Reporters were on the bottom of the heap looking up at lumberjacks, soldiers, actors, oil rig workers, dairy farmers, meter readers, roofers and flight attendants, all of which were found to be in preferable professions.
Based on this, I would have been better off chopping down trees or compiling someone's gas bill. But with all due respect to these fine professions, I never had the urge to live in the woods with a bunch of guys in Pendleton shirts while sleeping with my axe. Meter reading may require math, so that's out.
I did the soldier bit. It required complete allegiance to authority and a willingness to die. Cows? I prefer the final product, two scoops of vanilla topped with hot fudge sauce.
But let's get serious. What is missing in this equation is fulfillment. How else can you explain that in the CareerCast survey a podiatrist is listed ahead of a psychiatrist, a skin care specialist is ranked ahead of a surgeon, a bricklayer beats out a judge, a sewage plant operator tops a principal.
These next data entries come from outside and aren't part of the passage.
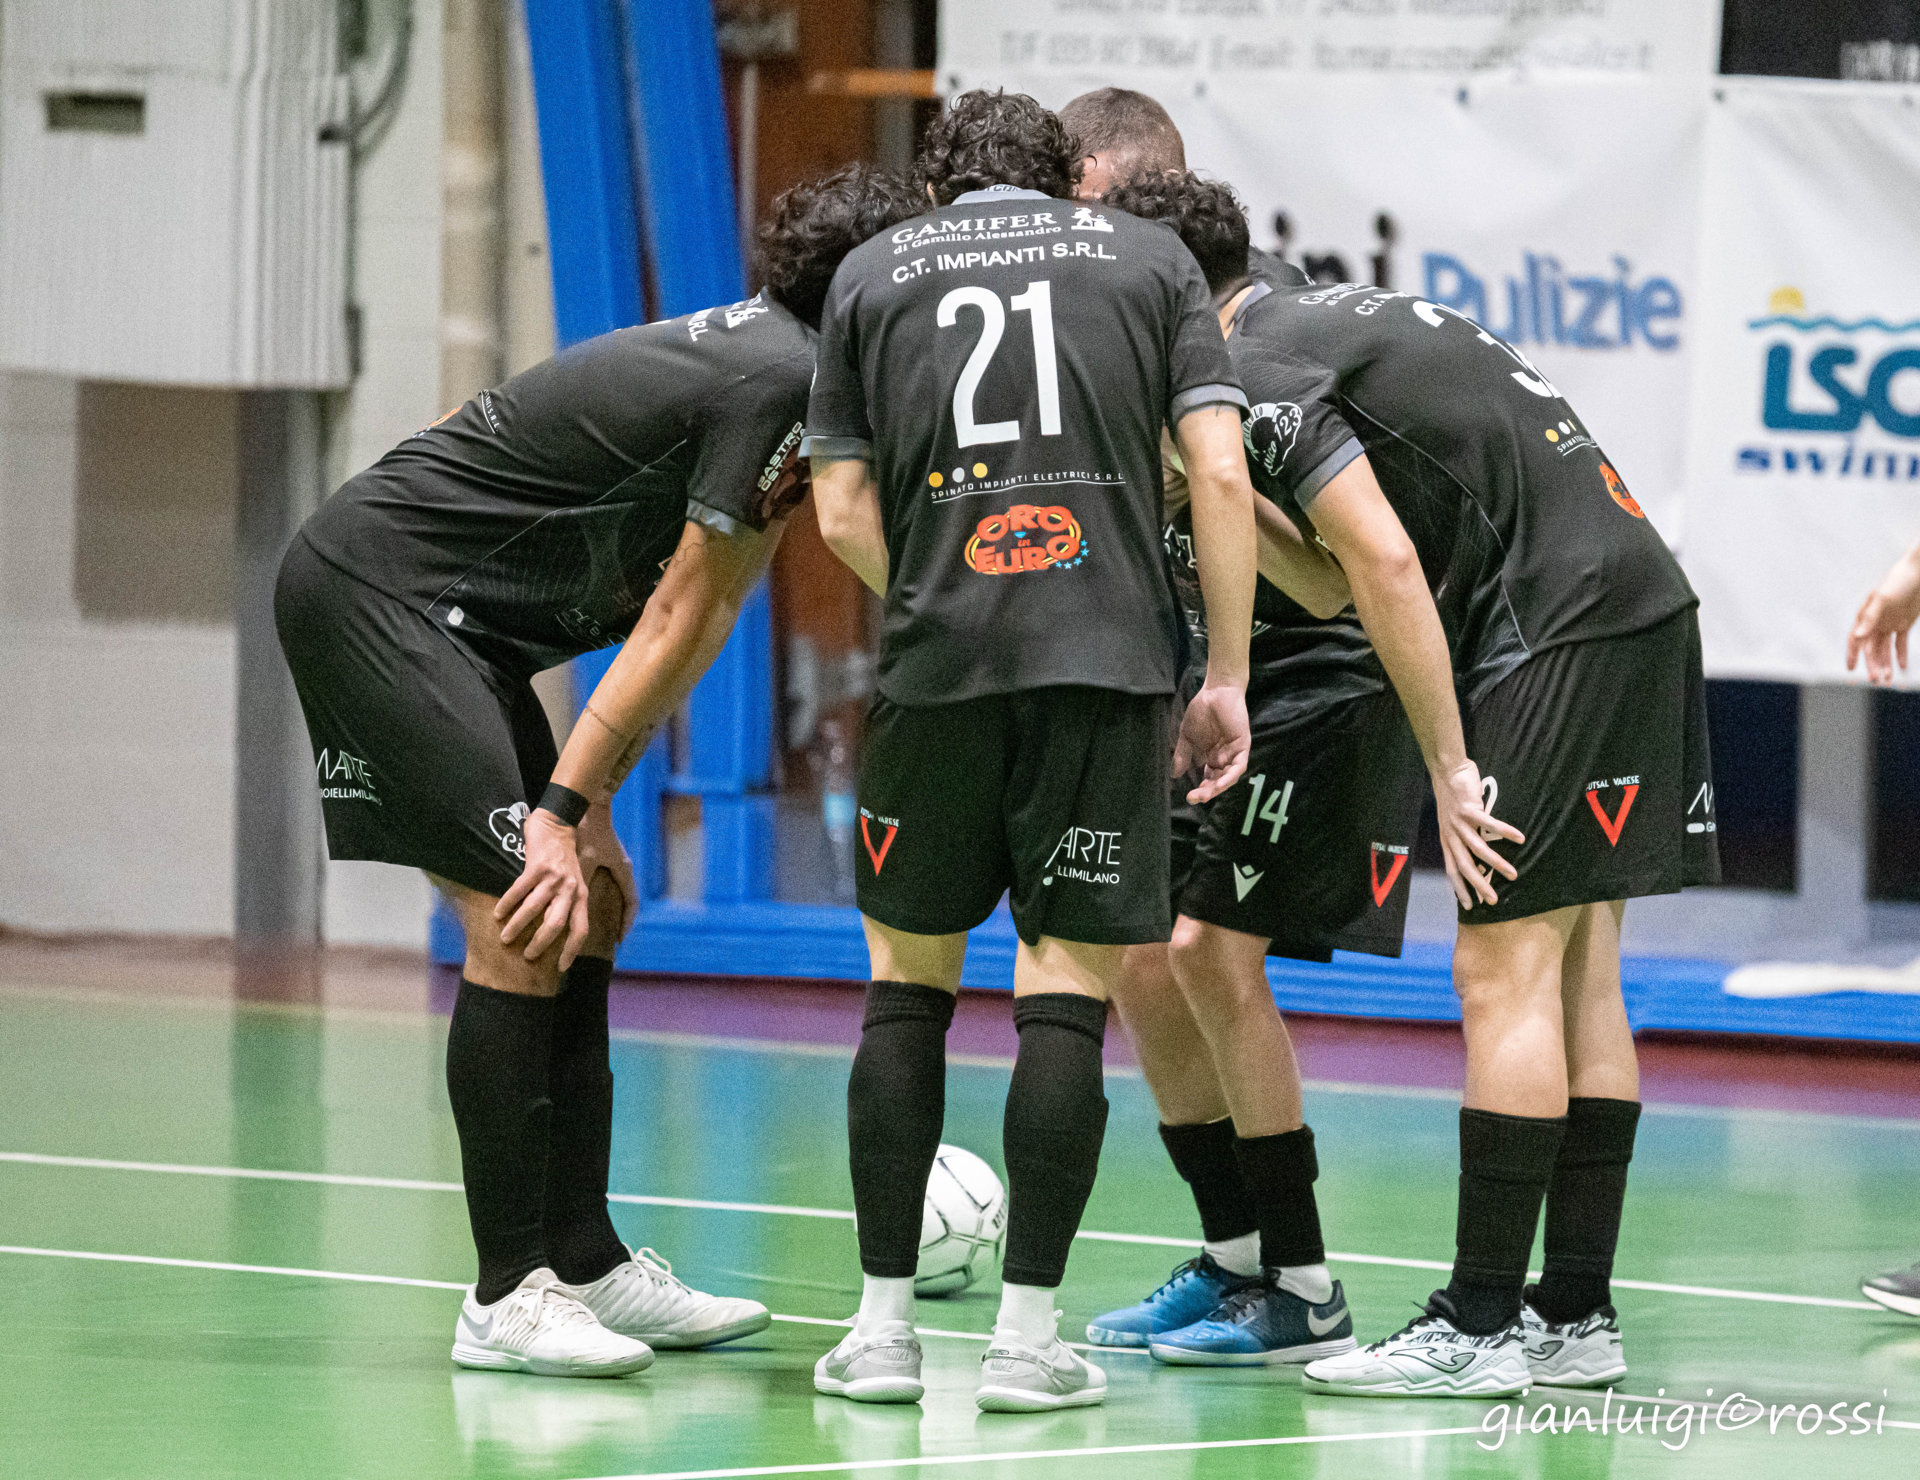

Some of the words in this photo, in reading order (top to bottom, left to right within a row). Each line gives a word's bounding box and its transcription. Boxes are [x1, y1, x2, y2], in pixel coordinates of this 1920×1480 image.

[891, 212, 1057, 244] GAMIFER
[974, 226, 1062, 240] Alessandro
[892, 258, 931, 284] C.T.
[937, 246, 1045, 271] IMPIANTI
[1052, 241, 1117, 260] S.R.L.
[936, 280, 1062, 449] 21
[931, 483, 975, 499] SPINATO
[979, 475, 1028, 489] IMPIANTI
[1033, 471, 1091, 481] ELETTRICI
[976, 504, 1073, 542] ORO
[974, 535, 1080, 574] EURO
[1612, 775, 1640, 786] VARESE
[1240, 773, 1295, 844] 14
[1055, 865, 1120, 884] LLIMILANO
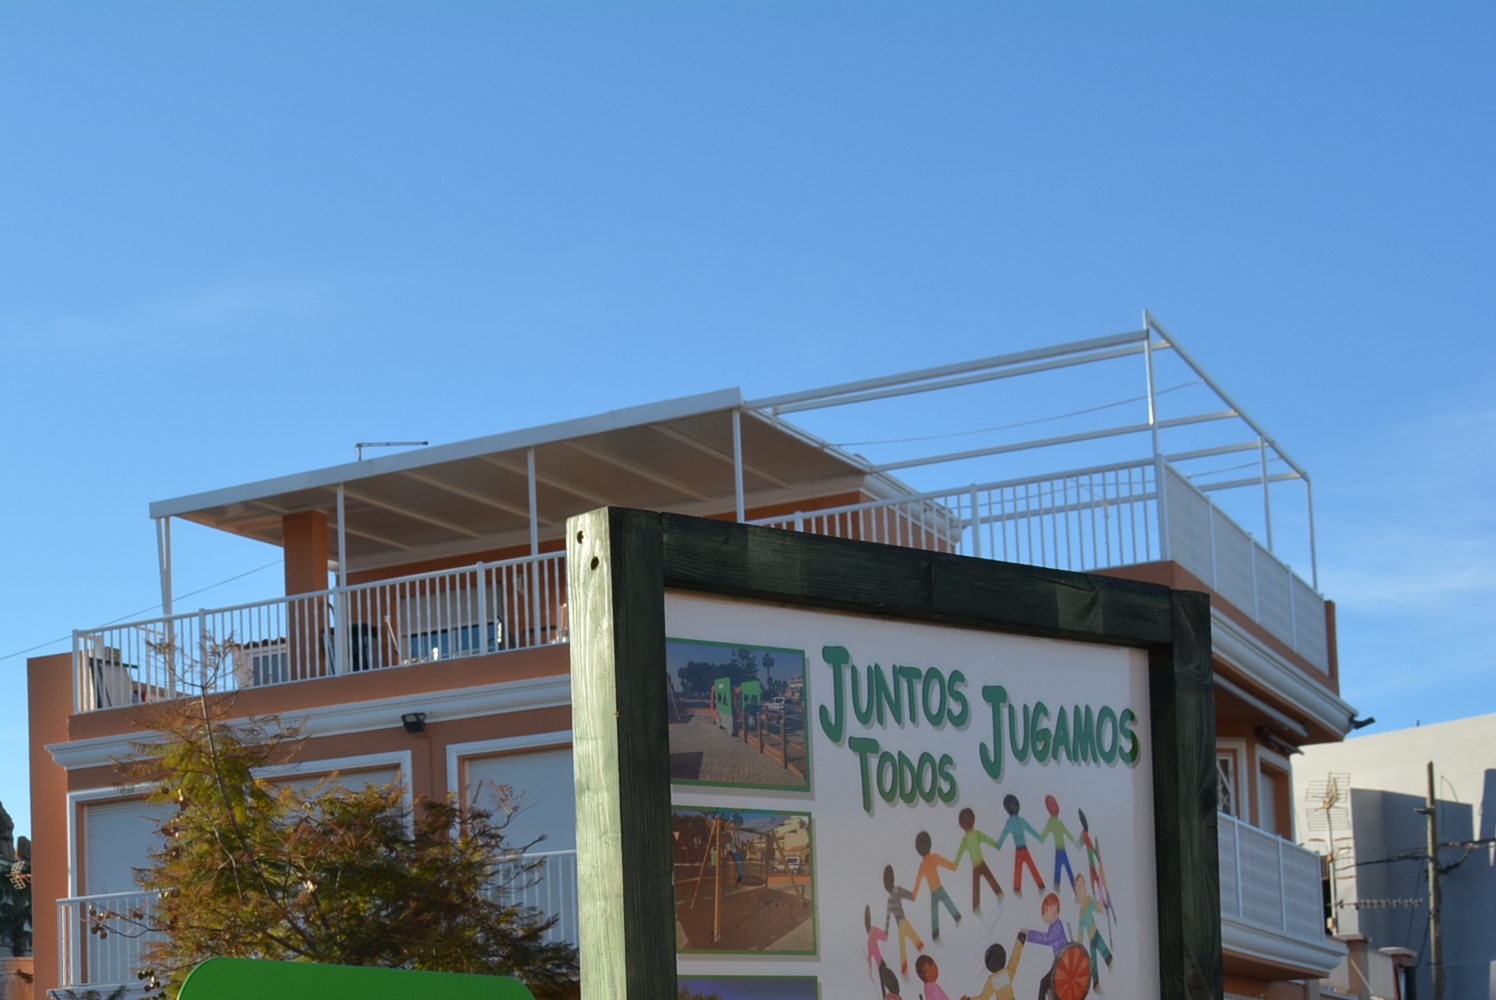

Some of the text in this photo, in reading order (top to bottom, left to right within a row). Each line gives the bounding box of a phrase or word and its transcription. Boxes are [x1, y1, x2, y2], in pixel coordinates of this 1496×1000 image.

[819, 645, 1139, 780] JUNTOS JUGAMOS
[848, 736, 957, 813] TODOS
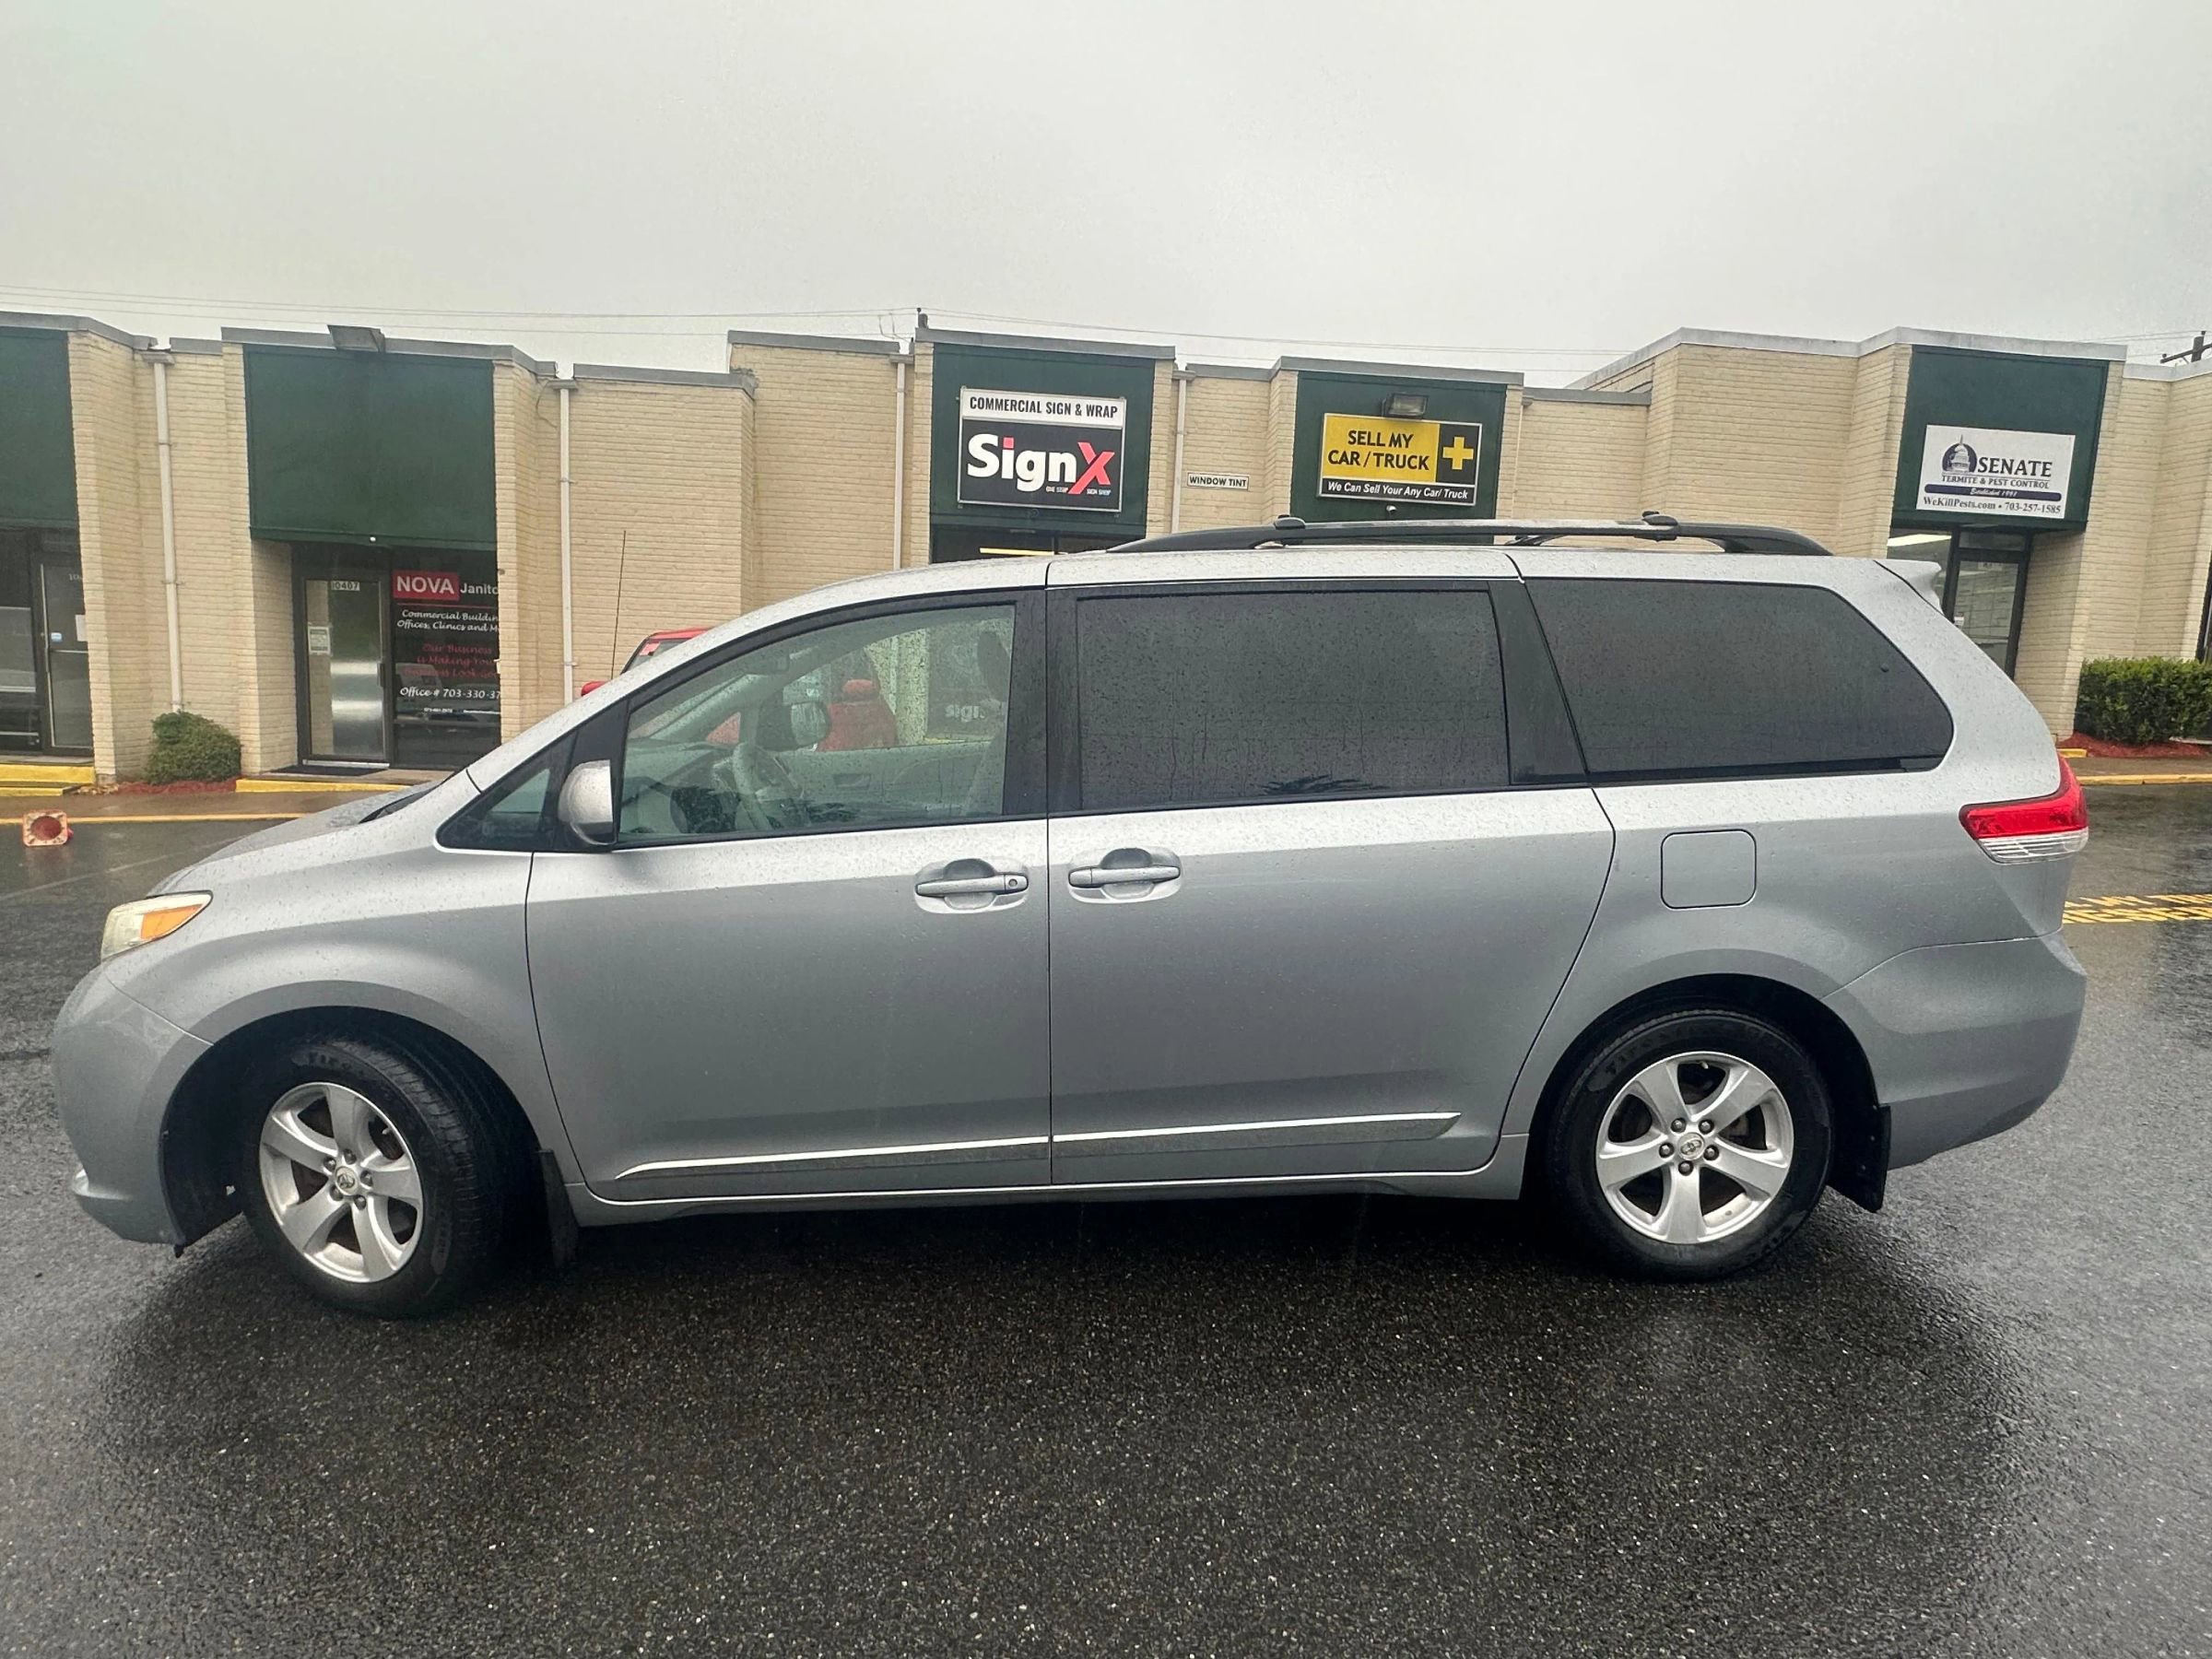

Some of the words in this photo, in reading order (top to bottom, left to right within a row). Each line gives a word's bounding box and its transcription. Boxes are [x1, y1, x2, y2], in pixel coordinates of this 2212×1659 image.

[970, 396, 1041, 414] COMMERCIAL
[1046, 402, 1071, 416] SIGN
[1075, 404, 1082, 416] &
[1086, 405, 1118, 418] WRAP
[1347, 429, 1385, 447] SELL
[1388, 432, 1414, 449] MY
[968, 433, 1115, 495] SignX
[1328, 450, 1360, 465] CAR
[1373, 453, 1430, 470] TRUCK
[1978, 456, 2053, 477] SENATE
[1189, 476, 1227, 487] WINDOW
[1229, 478, 1247, 488] TINT
[1327, 481, 1342, 491] We
[1344, 482, 1361, 493] Can
[1363, 484, 1380, 494] Sell
[1382, 485, 1403, 495] Your
[1404, 486, 1421, 498] Any
[1443, 489, 1468, 500] Truck
[1941, 475, 1978, 485] TERMITE
[1988, 477, 2008, 487] PEST
[2010, 479, 2050, 489] CONTROL
[1923, 496, 1996, 510] WeKillPests.com
[2005, 501, 2061, 514] 703-257-1585
[396, 575, 454, 594] NOVA
[402, 609, 460, 620] Commercial
[466, 623, 487, 631] and
[399, 687, 433, 699] Office
Milking a cow or patching a roof may hold untold intellectual pleasures. But I'm not sure it matches the satisfaction of exposing corruption in government, advocating for the downtrodden or exposing rip-offs, cons and frauds.
I suspect the reporting profession was thrown under the bus because the newspaper business is considered a buggy whip industry.
To some extent that's true. Total employment in newspaper publishing has dropped by more than 40 percent in the last decade . In 2001, the industry employed 414,000 people, but that number fell to 246,020 people by 2011.
But last year, revenues declined just 2 percent, according to the Newspaper Association of America. That may not be a reason to pop the champagne corks, but it suggests that the hemorrhaging has slowed and there's life in the old girl yet.
Which is good news for reporters who were thinking of making a career move to an oil rig.